La Guinée s'est montrée soulagée et heureuse, lundi, d'avoir réussi la toute première élection présidentielle libre de son histoire, même si une phase critique reste à venir avec l'annonce des résultats provisoires mercredi.

Après un demi-siècle de dictatures, 4,2 millions de Guinéens avaient le choix entre 24 candidats, tous civils.

Et la foule des grands jours a été au rendez-vous dans les bureaux de vote.  Le conseil national des organisations de la société civile a même avancé lundi que le taux de participation aurait été de «80% en moyenne».

Pour le journaliste guinéen Souleymane Diallo, cette élection est «une renaissance».

«Après le 28 septembre 1958 (date du referendum rejetant la communauté franco-africaine proposée par le général de Gaulle, ndlr), c'est l'acte majeur de l'indépendance de la Guinée et je ne blague pas», dit cet administrateur du journal satirique Le Lynx.

«C'est la première fois qu'à la veille du scrutin, il était impossible de connaître le nom du futur président!», relève-t-il.

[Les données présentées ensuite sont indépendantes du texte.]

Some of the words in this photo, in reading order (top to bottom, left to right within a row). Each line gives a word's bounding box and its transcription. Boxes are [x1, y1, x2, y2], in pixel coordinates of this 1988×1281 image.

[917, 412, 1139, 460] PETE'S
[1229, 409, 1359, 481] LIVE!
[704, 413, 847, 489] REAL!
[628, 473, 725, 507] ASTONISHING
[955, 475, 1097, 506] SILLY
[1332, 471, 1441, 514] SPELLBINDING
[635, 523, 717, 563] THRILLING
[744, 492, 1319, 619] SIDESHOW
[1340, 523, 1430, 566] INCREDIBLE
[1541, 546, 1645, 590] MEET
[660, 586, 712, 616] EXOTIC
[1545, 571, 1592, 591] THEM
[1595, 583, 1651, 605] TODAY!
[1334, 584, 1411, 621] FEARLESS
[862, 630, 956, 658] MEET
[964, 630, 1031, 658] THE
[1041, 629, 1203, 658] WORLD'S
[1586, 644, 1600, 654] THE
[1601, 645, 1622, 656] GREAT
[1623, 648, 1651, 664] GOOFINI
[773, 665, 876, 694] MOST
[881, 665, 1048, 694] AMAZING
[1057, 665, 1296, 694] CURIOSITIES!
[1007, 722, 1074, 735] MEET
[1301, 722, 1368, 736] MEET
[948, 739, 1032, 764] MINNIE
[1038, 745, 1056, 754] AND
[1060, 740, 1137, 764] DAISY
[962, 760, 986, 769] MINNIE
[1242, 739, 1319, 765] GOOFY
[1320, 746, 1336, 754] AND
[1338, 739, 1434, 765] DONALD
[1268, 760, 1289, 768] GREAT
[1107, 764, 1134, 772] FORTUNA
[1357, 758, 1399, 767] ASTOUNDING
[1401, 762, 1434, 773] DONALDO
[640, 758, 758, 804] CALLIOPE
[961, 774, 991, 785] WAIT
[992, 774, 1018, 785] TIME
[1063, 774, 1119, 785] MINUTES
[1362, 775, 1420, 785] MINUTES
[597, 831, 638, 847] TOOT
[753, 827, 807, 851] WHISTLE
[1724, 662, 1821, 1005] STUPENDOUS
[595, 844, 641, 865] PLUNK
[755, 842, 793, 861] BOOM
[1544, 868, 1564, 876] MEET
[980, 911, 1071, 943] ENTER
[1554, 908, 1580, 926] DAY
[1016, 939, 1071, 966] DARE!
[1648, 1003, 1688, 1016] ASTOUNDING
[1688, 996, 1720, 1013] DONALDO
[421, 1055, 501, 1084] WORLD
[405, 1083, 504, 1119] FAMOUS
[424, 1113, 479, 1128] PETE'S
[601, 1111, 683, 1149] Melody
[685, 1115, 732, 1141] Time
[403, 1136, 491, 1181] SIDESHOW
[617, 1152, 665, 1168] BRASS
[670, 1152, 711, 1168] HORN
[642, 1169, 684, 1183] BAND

À la commission électorale nationale indépendante (Céni), la satisfaction est réelle: «Il ne nous a pas été signalé d'incidents, ni aux abords des bureaux de vote ni dans les bureaux de vote», a assuré dimanche soir le directeur des opérations électorales de la Céni, Pathé Dieng.

Et, d'une même voix, les chefs des missions d'observation électorale de la Cédéao, de l'Union européenne, de l'Union africaine et du Centre Carter (ONG américaine) ont salué «l'engagement des électeurs qui se sont rendus nombreux aux urnes pour déterminer dans la paix et la sérénité le futur» de ce pays pauvre d'Afrique de l'Ouest.

«Les Guinéens vont pouvoir respirer après des dizaines d'années de dictature», a conclu le ministre français des Affaires étrangères, Bernard Kouchner, à Paris.

Depuis son indépendance, l'ex-colonie française a connu la «présidence à vie» d'Ahmed Sékou Touré pendant 26 ans (1958-1984), les 24 années de règne du militaire Lansana Conté (1984-2008), puis une année de gestion catastrophique du pays par une junte dirigée par le capitaine Moussa Dadis Camara.

Le chef de la junte, victime d'une tentative d'assassinat en décembre, avait été écarté du pouvoir et reste «en convalescence» à Ouagadougou. Depuis six mois, c'est l'ex-général putschiste Sékouba Konaté qui préside la «transition», avec l'appui marqué de la communauté internationale.

À présent, de nombreux Guinéens remercient ouvertement ce général d'avoir tenu sa promesse de mener le pays vers les élections, sans qu'aucun militaire ni dirigeant sortant ne se présente.

La proclamation des résultats définitifs n'est pas prévue avant dimanche.

Trois candidats sont donnés favoris : les anciens Premiers ministres Cellou Dalein Diallo (2004-2006) et Sidya Touré (1996-1999), ainsi qu'un opposant à tous les régimes depuis l'indépendance, Alpha Condé.

Dans un communiqué, le président de Commission de l'Union Africaine, Jean Ping, a encouragé tous les candidats «à continuer de respecter et à faire respecter les valeurs démocratiques, y compris l'acceptation du verdict des urnes».

«Les jours et les heures qui viennent vont être la période la plus difficile. La Céni a une responsabilité historique. Tout brèche peut entraîner des contestations», a relevé le président de l'Observatoire national des droits de l'homme (ONDH), Mamadou Aliou Barry.

Les missions d'observation internationales ont appelé à «la plus grande vigilance» au moment de «la phase essentielle» et «critique» des «opérations de décompte, centralisation et annonce des résultats».